::: Data shown
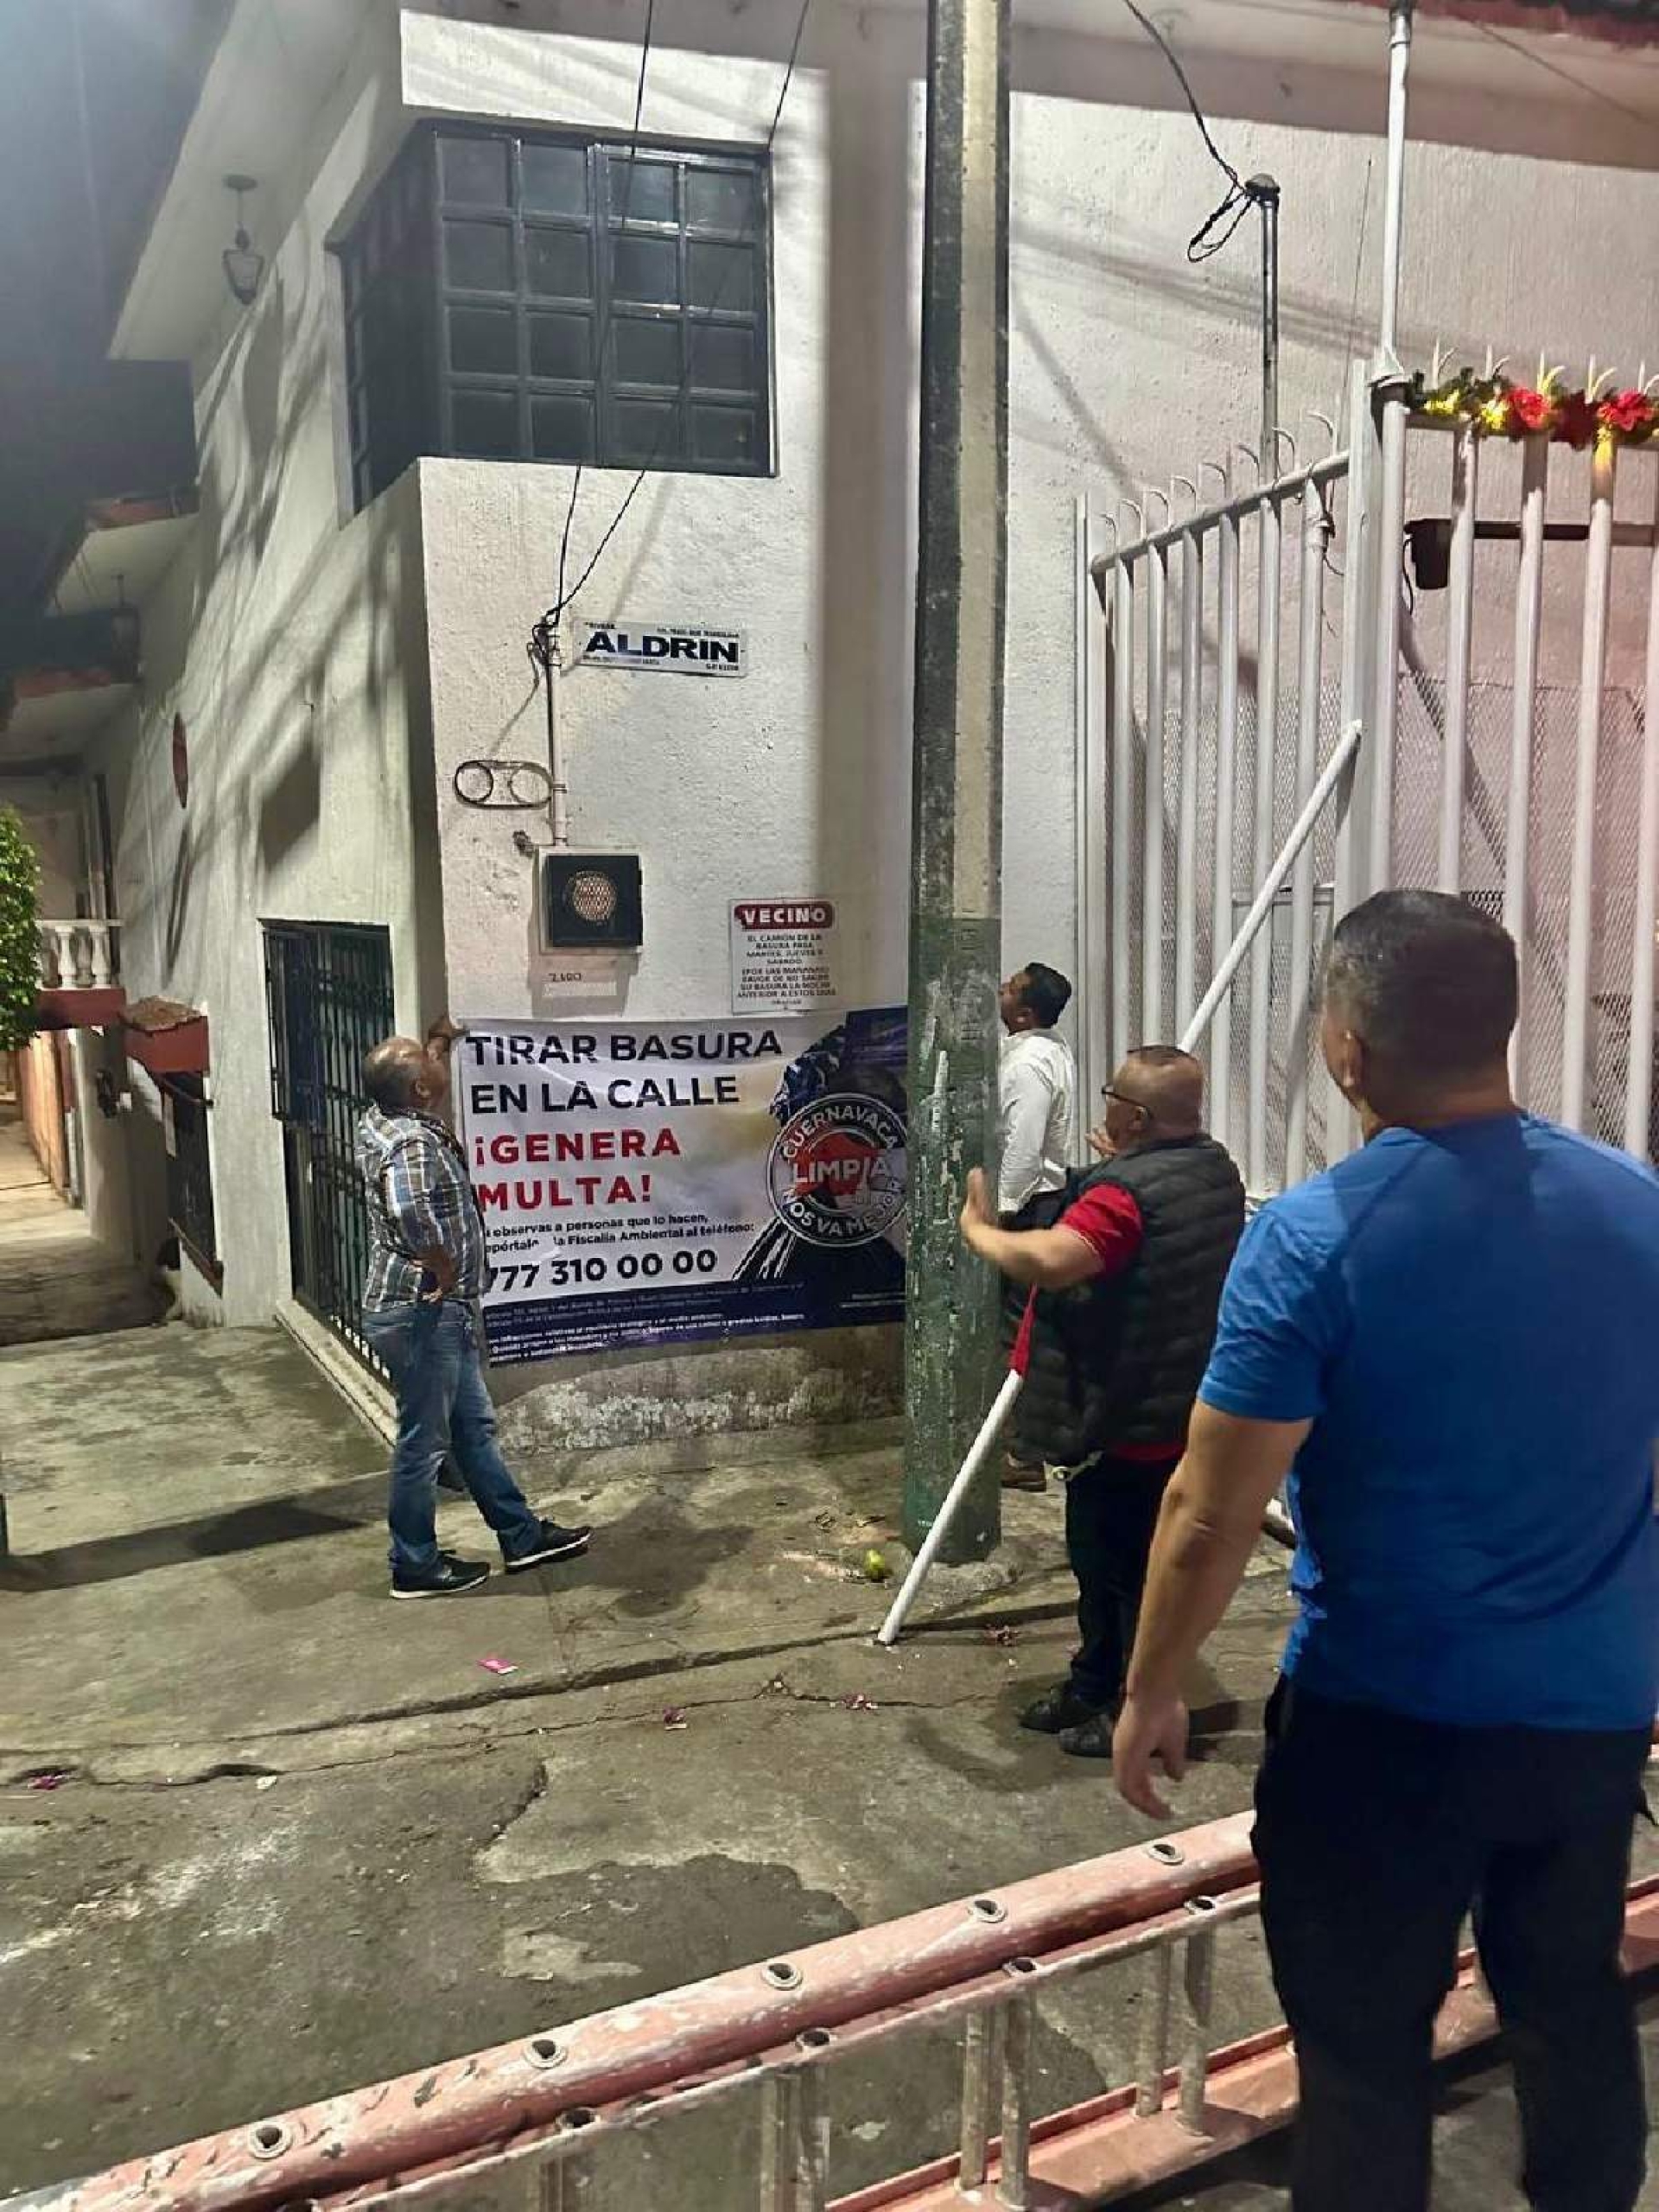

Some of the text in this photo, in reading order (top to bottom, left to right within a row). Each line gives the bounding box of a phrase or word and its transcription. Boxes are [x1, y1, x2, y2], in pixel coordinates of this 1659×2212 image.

[586, 631, 739, 663] ALDRIN
[743, 907, 826, 923] VECINO
[466, 1029, 783, 1065] TIRAR BASURA
[471, 1075, 741, 1115] EN LA CALLE
[475, 1127, 681, 1166] ¡GENERA
[783, 1104, 898, 1160] CUERNAVACA
[792, 1156, 887, 1184] LIMPIA
[478, 1173, 651, 1212] MULTA!
[493, 1223, 552, 1236] observas
[555, 1223, 562, 1231] a
[566, 1218, 624, 1232] personas
[627, 1217, 650, 1228] que
[653, 1215, 665, 1224] lo
[669, 1214, 709, 1224] hacen,
[620, 1228, 683, 1241] Ambiental
[686, 1225, 698, 1236] al
[700, 1223, 754, 1235] teléfono:
[817, 1215, 843, 1238] VA
[486, 1249, 718, 1294] 777 310 00 00
::::::
__Your instructions__
Produce a verbatim copy of every entry, excluding pictures.

__Response below__
Some of the text in this photo, in reading order (top to bottom, left to right within a row). Each line gives the bounding box of a phrase or word and its transcription. Boxes are [x1, y1, x2, y2], in pixel coordinates of this 1659×2212 image.

[586, 631, 739, 663] ALDRIN
[743, 907, 826, 923] VECINO
[466, 1029, 783, 1065] TIRAR BASURA
[471, 1075, 741, 1115] EN LA CALLE
[475, 1127, 681, 1166] ¡GENERA
[783, 1104, 898, 1160] CUERNAVACA
[792, 1156, 887, 1184] LIMPIA
[478, 1173, 651, 1212] MULTA!
[493, 1223, 552, 1236] observas
[555, 1223, 562, 1231] a
[566, 1218, 624, 1232] personas
[627, 1217, 650, 1228] que
[653, 1215, 665, 1224] lo
[669, 1214, 709, 1224] hacen,
[620, 1228, 683, 1241] Ambiental
[686, 1225, 698, 1236] al
[700, 1223, 754, 1235] teléfono:
[817, 1215, 843, 1238] VA
[486, 1249, 718, 1294] 777 310 00 00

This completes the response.